I was on a job the other day where I had to change out 12 lights. They all were installed in high hats, were 50V bulbs(Don't know if they were LED or Halogen tbh), and had a LV transformer fitting inside the can. They also were hooked up to a dimmer. 

I was instructed to replace these lights with an LED trim like this: http://www.homedepot.com/p/Commerci...-2700K-CER6730AWH27/204726945?N=5yc1vZ1z115g2

After this was done there was one light for each set of 6 which would flicker even after turning them all off. I am an electricians apprentice so I have to do what I am told, I thought it seemed odd that we left the transformers in place considering they were part of the old setup, but I did what I was told. I'm thinking the issue has to be related to leaving that transformer in. Anyways we left that job without fixing the issue and I personally never went back to that job. 

Later on I asked the same journyman I worked with for the job in question if he ever went back to that house with the LED lights that flickered. He said he went back and fixed the issue the day after we both were there but he never gave me a clear answer of how or what caused the problem to begin with. 

I know he didn't change trims or the dimmer.

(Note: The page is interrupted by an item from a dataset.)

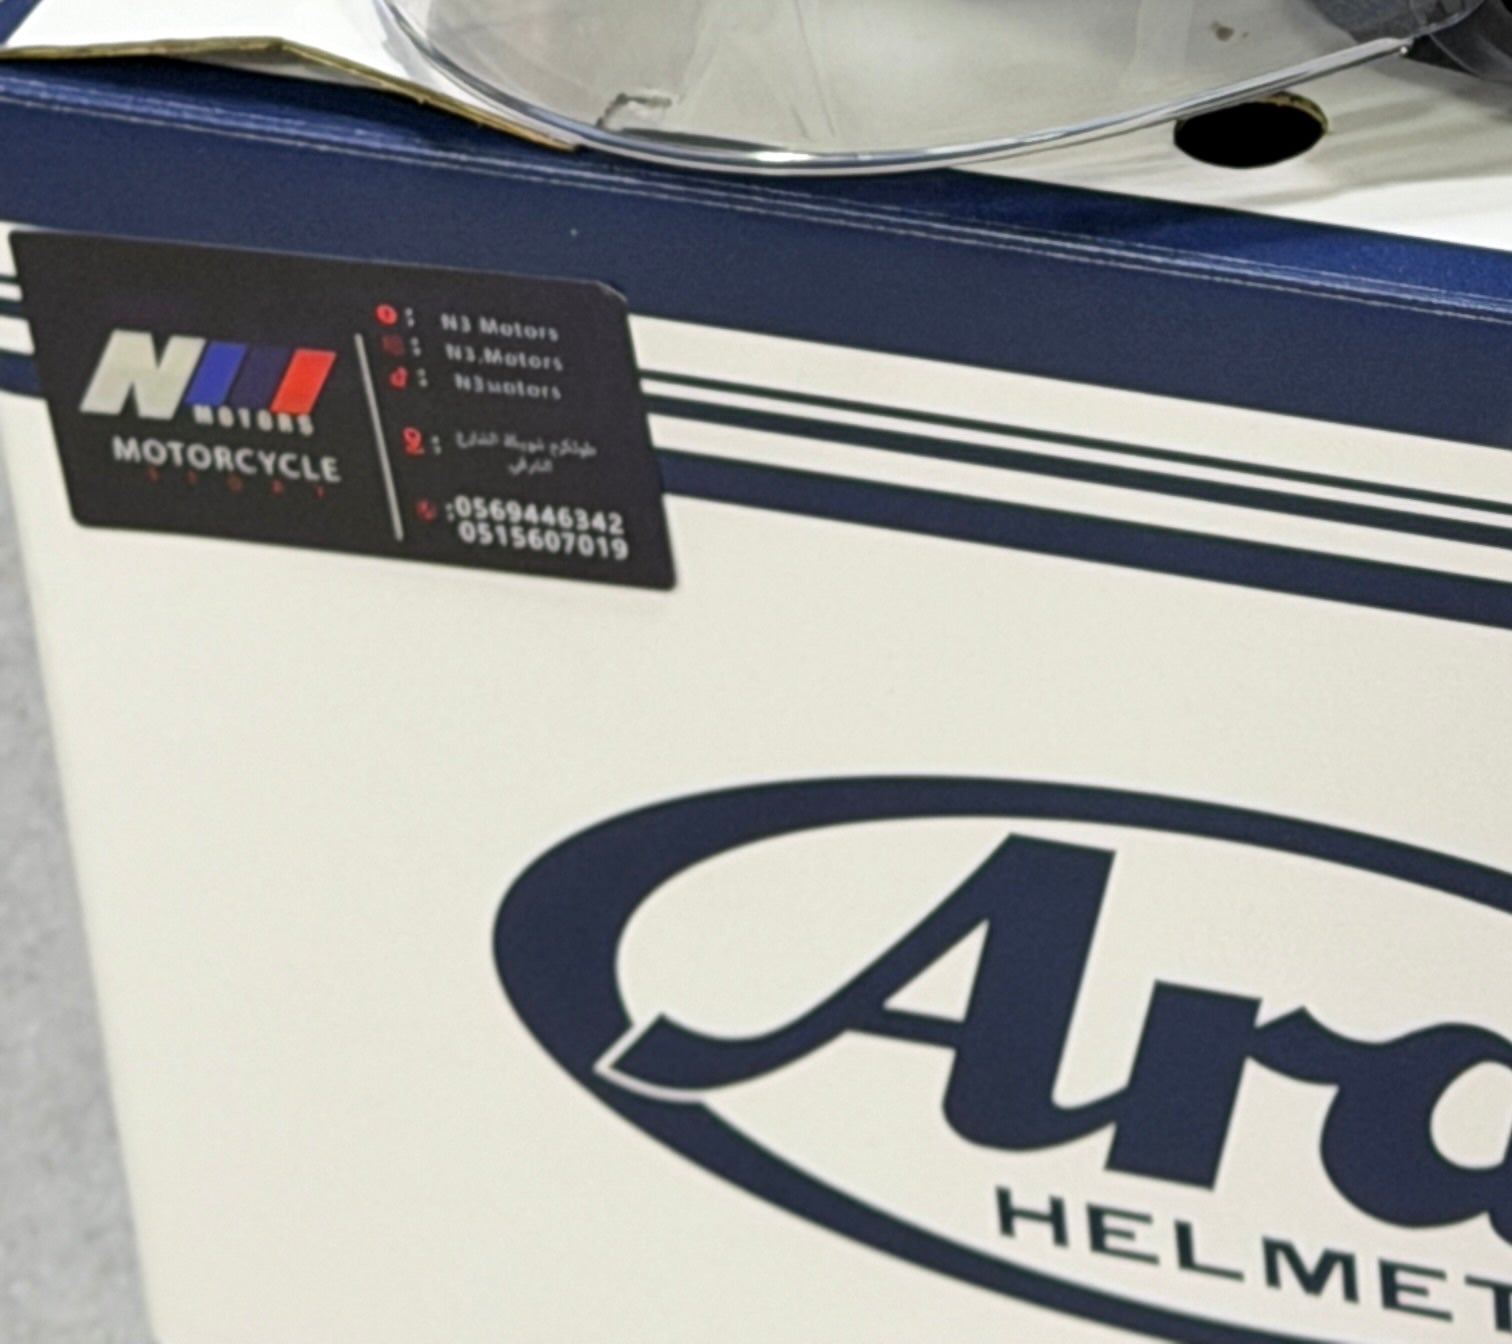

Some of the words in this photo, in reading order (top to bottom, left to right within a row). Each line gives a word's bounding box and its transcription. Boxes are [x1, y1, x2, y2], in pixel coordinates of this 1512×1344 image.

So I am creating this post in hopes someone more knowledgeable than myself can figure out what the solution might have been based on the information I provided. Thanks.


----------



## sbrn33 (Mar 15, 2007)

Do you mean they were 50 watt mr 16's?


----------



## badreligion9265 (Jul 16, 2014)

sbrn33 said:


> Do you mean they were 50 watt mr 16's?


Possibly, I googled "50 watt mr 16's" and they definitely look like the same style and size. I was pretty sure the journyman I worked with said they were 50V but its very possible I mis-heard what he said. If they were 50 watt mr 16's would that explain anything?


----------



## Shockdoc (Mar 4, 2010)

badreligion9265 said:


> I was on a job the other day where I had to change out 12 lights. They all were installed in high hats, were 50V bulbs(Don't know if they were LED or Halogen tbh), and had a LV transformer fitting inside the can. They also were hooked up to a dimmer.
> 
> I was instructed to replace these lights with an LED trim like this: http://www.homedepot.com/p/Commerci...-2700K-CER6730AWH27/204726945?N=5yc1vZ1z115g2
> 
> ...


Was that job in Great Neck?


----------



## badreligion9265 (Jul 16, 2014)

Shockdoc said:


> Was that job in Great Neck?


No, it was in NJ, don't wanna say specifically where in nj but ya not in Great Neck for sure.


----------



## Shockdoc (Mar 4, 2010)

badreligion9265 said:


> No, it was in NJ, don't wanna say specifically where in nj but ya not in Great Neck for sure.


Just sounded like something i proposed to a price shopper from worst neck, ny.


----------



## ElectricalDesignerIA (Mar 17, 2015)

The dimmer might have been replaced with one intended to dim LED.


----------